Data records:
━━━━━━━━━━━━━━━━━━━━

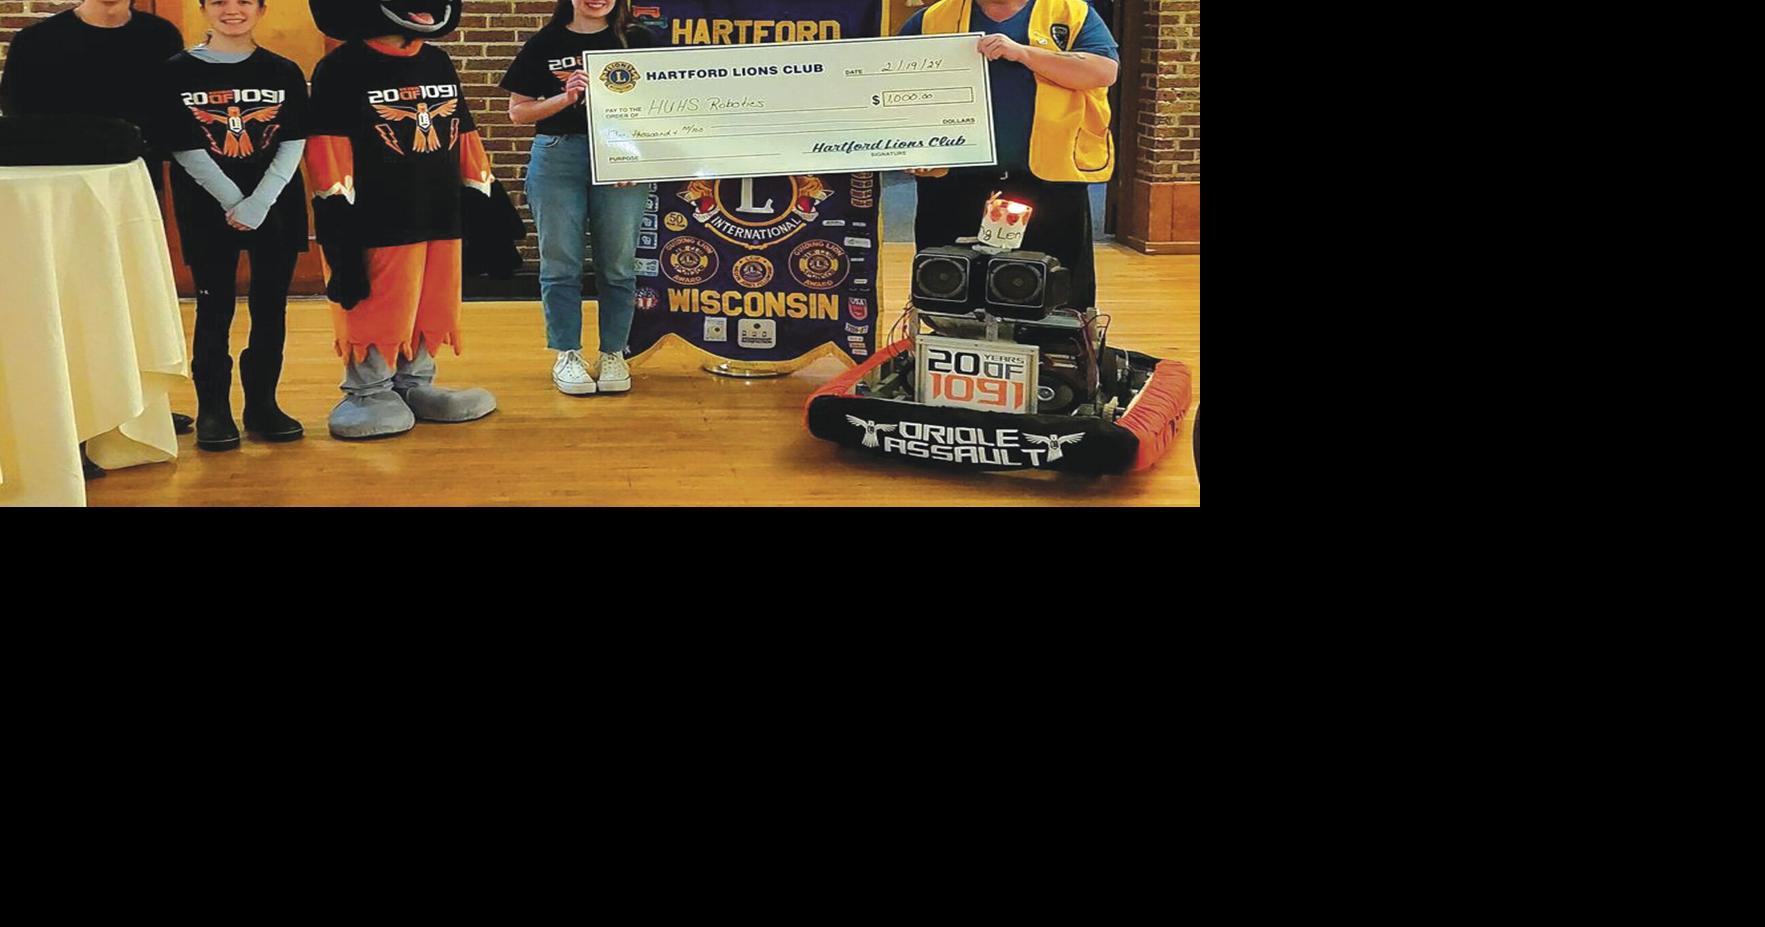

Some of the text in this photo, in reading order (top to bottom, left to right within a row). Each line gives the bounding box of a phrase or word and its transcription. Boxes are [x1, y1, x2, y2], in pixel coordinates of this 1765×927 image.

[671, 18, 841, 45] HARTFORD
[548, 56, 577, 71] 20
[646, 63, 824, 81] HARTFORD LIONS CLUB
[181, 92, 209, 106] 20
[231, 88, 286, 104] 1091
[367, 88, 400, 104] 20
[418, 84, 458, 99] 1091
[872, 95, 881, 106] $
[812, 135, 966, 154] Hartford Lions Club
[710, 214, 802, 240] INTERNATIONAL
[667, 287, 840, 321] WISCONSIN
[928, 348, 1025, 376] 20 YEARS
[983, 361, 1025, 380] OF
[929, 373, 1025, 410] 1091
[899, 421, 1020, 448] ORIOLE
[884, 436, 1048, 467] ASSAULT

━━━━━━━━━━━━━━━━━━━━

Your instructions:
With the pictures removed, return the full listing exactly as given.

Final answer:
Some of the text in this photo, in reading order (top to bottom, left to right within a row). Each line gives the bounding box of a phrase or word and its transcription. Boxes are [x1, y1, x2, y2], in pixel coordinates of this 1765×927 image.

[671, 18, 841, 45] HARTFORD
[548, 56, 577, 71] 20
[646, 63, 824, 81] HARTFORD LIONS CLUB
[181, 92, 209, 106] 20
[231, 88, 286, 104] 1091
[367, 88, 400, 104] 20
[418, 84, 458, 99] 1091
[872, 95, 881, 106] $
[812, 135, 966, 154] Hartford Lions Club
[710, 214, 802, 240] INTERNATIONAL
[667, 287, 840, 321] WISCONSIN
[928, 348, 1025, 376] 20 YEARS
[983, 361, 1025, 380] OF
[929, 373, 1025, 410] 1091
[899, 421, 1020, 448] ORIOLE
[884, 436, 1048, 467] ASSAULT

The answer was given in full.